(Stored data entries)
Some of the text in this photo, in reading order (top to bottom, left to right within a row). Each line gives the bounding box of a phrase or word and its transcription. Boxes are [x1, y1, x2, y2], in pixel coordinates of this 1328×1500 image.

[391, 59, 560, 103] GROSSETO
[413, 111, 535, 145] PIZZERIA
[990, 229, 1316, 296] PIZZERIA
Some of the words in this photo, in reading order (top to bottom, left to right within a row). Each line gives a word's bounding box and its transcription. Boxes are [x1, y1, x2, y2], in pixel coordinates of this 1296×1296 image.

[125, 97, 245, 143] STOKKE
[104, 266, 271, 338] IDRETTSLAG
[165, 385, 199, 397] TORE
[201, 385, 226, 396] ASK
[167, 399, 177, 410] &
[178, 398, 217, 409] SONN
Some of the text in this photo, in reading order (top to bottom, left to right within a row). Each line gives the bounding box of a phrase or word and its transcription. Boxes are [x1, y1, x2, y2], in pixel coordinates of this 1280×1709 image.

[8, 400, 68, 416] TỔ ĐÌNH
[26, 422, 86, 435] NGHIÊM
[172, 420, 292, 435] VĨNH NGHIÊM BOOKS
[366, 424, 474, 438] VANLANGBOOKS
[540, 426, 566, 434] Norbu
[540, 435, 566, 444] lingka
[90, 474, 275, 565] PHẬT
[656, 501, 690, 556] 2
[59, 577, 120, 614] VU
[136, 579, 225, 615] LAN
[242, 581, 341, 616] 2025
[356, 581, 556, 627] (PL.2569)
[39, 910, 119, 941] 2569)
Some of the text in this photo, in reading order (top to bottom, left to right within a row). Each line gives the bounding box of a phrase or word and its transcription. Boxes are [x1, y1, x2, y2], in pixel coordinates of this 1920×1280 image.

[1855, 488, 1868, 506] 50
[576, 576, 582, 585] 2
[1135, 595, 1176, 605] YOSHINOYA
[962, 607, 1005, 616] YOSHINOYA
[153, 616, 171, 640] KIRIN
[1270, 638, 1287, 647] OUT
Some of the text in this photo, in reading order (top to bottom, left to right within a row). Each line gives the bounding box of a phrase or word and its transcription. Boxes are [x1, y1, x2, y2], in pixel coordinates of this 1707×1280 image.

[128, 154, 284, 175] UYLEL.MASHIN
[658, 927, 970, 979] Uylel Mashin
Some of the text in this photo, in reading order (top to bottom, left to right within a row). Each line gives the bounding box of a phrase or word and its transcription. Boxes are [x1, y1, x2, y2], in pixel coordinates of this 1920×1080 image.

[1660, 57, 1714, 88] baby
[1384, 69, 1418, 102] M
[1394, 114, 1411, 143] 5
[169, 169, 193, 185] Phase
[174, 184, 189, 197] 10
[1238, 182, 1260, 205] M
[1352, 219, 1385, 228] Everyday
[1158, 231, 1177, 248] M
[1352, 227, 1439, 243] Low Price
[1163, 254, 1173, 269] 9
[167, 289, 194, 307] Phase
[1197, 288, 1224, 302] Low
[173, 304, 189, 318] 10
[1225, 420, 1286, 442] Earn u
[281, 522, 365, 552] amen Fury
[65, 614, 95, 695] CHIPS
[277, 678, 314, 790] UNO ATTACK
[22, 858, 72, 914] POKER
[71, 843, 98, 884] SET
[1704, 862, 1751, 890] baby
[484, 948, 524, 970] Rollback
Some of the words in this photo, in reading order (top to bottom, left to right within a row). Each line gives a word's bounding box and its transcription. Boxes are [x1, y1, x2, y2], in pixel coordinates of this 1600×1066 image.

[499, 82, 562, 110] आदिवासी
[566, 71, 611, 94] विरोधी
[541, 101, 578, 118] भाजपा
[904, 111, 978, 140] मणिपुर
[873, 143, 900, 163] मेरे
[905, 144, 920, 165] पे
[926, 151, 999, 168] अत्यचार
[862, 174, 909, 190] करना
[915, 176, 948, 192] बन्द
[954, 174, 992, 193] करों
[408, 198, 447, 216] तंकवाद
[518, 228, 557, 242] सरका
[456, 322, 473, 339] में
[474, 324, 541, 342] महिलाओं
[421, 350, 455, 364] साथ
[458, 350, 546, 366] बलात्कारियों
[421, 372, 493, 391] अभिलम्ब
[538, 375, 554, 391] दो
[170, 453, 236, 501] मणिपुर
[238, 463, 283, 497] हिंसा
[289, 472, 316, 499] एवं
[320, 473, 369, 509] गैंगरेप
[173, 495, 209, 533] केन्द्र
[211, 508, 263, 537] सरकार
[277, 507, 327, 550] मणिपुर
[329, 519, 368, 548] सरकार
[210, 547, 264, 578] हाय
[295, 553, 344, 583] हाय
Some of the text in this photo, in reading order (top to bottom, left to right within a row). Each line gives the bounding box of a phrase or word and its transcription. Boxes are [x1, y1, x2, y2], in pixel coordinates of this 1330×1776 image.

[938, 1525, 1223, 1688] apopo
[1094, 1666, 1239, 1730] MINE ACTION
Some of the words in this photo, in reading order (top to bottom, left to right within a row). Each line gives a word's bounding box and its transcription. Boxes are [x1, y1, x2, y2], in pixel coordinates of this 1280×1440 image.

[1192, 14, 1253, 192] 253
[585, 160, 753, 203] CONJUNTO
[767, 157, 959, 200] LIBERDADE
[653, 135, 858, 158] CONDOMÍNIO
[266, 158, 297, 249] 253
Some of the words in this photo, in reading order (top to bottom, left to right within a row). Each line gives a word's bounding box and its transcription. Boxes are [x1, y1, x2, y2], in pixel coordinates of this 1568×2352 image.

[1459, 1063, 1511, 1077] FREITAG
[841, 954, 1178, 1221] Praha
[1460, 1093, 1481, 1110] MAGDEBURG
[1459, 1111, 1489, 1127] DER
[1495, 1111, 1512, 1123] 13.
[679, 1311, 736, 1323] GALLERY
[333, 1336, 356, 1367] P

### Assignment
Write the data out once more. Keep every word the same.

### Answer section
Some of the text in this photo, in reading order (top to bottom, left to right within a row). Each line gives the bounding box of a phrase or word and its transcription. Boxes are [x1, y1, x2, y2], in pixel coordinates of this 1328×1500 image.

[391, 59, 560, 103] GROSSETO
[413, 111, 535, 145] PIZZERIA
[990, 229, 1316, 296] PIZZERIA
Some of the words in this photo, in reading order (top to bottom, left to right within a row). Each line gives a word's bounding box and its transcription. Boxes are [x1, y1, x2, y2], in pixel coordinates of this 1296×1296 image.

[125, 97, 245, 143] STOKKE
[104, 266, 271, 338] IDRETTSLAG
[165, 385, 199, 397] TORE
[201, 385, 226, 396] ASK
[167, 399, 177, 410] &
[178, 398, 217, 409] SONN
Some of the text in this photo, in reading order (top to bottom, left to right within a row). Each line gives the bounding box of a phrase or word and its transcription. Boxes are [x1, y1, x2, y2], in pixel coordinates of this 1280×1709 image.

[8, 400, 68, 416] TỔ ĐÌNH
[26, 422, 86, 435] NGHIÊM
[172, 420, 292, 435] VĨNH NGHIÊM BOOKS
[366, 424, 474, 438] VANLANGBOOKS
[540, 426, 566, 434] Norbu
[540, 435, 566, 444] lingka
[90, 474, 275, 565] PHẬT
[656, 501, 690, 556] 2
[59, 577, 120, 614] VU
[136, 579, 225, 615] LAN
[242, 581, 341, 616] 2025
[356, 581, 556, 627] (PL.2569)
[39, 910, 119, 941] 2569)
Some of the text in this photo, in reading order (top to bottom, left to right within a row). Each line gives the bounding box of a phrase or word and its transcription. Boxes are [x1, y1, x2, y2], in pixel coordinates of this 1920×1280 image.

[1855, 488, 1868, 506] 50
[576, 576, 582, 585] 2
[1135, 595, 1176, 605] YOSHINOYA
[962, 607, 1005, 616] YOSHINOYA
[153, 616, 171, 640] KIRIN
[1270, 638, 1287, 647] OUT
Some of the text in this photo, in reading order (top to bottom, left to right within a row). Each line gives the bounding box of a phrase or word and its transcription. Boxes are [x1, y1, x2, y2], in pixel coordinates of this 1707×1280 image.

[128, 154, 284, 175] UYLEL.MASHIN
[658, 927, 970, 979] Uylel Mashin
Some of the text in this photo, in reading order (top to bottom, left to right within a row). Each line gives the bounding box of a phrase or word and its transcription. Boxes are [x1, y1, x2, y2], in pixel coordinates of this 1920×1080 image.

[1660, 57, 1714, 88] baby
[1384, 69, 1418, 102] M
[1394, 114, 1411, 143] 5
[169, 169, 193, 185] Phase
[174, 184, 189, 197] 10
[1238, 182, 1260, 205] M
[1352, 219, 1385, 228] Everyday
[1158, 231, 1177, 248] M
[1352, 227, 1439, 243] Low Price
[1163, 254, 1173, 269] 9
[167, 289, 194, 307] Phase
[1197, 288, 1224, 302] Low
[173, 304, 189, 318] 10
[1225, 420, 1286, 442] Earn u
[281, 522, 365, 552] amen Fury
[65, 614, 95, 695] CHIPS
[277, 678, 314, 790] UNO ATTACK
[22, 858, 72, 914] POKER
[71, 843, 98, 884] SET
[1704, 862, 1751, 890] baby
[484, 948, 524, 970] Rollback
Some of the words in this photo, in reading order (top to bottom, left to right within a row). Each line gives a word's bounding box and its transcription. Boxes are [x1, y1, x2, y2], in pixel coordinates of this 1600×1066 image.

[499, 82, 562, 110] आदिवासी
[566, 71, 611, 94] विरोधी
[541, 101, 578, 118] भाजपा
[904, 111, 978, 140] मणिपुर
[873, 143, 900, 163] मेरे
[905, 144, 920, 165] पे
[926, 151, 999, 168] अत्यचार
[862, 174, 909, 190] करना
[915, 176, 948, 192] बन्द
[954, 174, 992, 193] करों
[408, 198, 447, 216] तंकवाद
[518, 228, 557, 242] सरका
[456, 322, 473, 339] में
[474, 324, 541, 342] महिलाओं
[421, 350, 455, 364] साथ
[458, 350, 546, 366] बलात्कारियों
[421, 372, 493, 391] अभिलम्ब
[538, 375, 554, 391] दो
[170, 453, 236, 501] मणिपुर
[238, 463, 283, 497] हिंसा
[289, 472, 316, 499] एवं
[320, 473, 369, 509] गैंगरेप
[173, 495, 209, 533] केन्द्र
[211, 508, 263, 537] सरकार
[277, 507, 327, 550] मणिपुर
[329, 519, 368, 548] सरकार
[210, 547, 264, 578] हाय
[295, 553, 344, 583] हाय
Some of the text in this photo, in reading order (top to bottom, left to right within a row). Each line gives the bounding box of a phrase or word and its transcription. Boxes are [x1, y1, x2, y2], in pixel coordinates of this 1330×1776 image.

[938, 1525, 1223, 1688] apopo
[1094, 1666, 1239, 1730] MINE ACTION
Some of the words in this photo, in reading order (top to bottom, left to right within a row). Each line gives a word's bounding box and its transcription. Boxes are [x1, y1, x2, y2], in pixel coordinates of this 1280×1440 image.

[1192, 14, 1253, 192] 253
[585, 160, 753, 203] CONJUNTO
[767, 157, 959, 200] LIBERDADE
[653, 135, 858, 158] CONDOMÍNIO
[266, 158, 297, 249] 253
Some of the words in this photo, in reading order (top to bottom, left to right within a row). Each line gives a word's bounding box and its transcription. Boxes are [x1, y1, x2, y2], in pixel coordinates of this 1568×2352 image.

[1459, 1063, 1511, 1077] FREITAG
[841, 954, 1178, 1221] Praha
[1460, 1093, 1481, 1110] MAGDEBURG
[1459, 1111, 1489, 1127] DER
[1495, 1111, 1512, 1123] 13.
[679, 1311, 736, 1323] GALLERY
[333, 1336, 356, 1367] P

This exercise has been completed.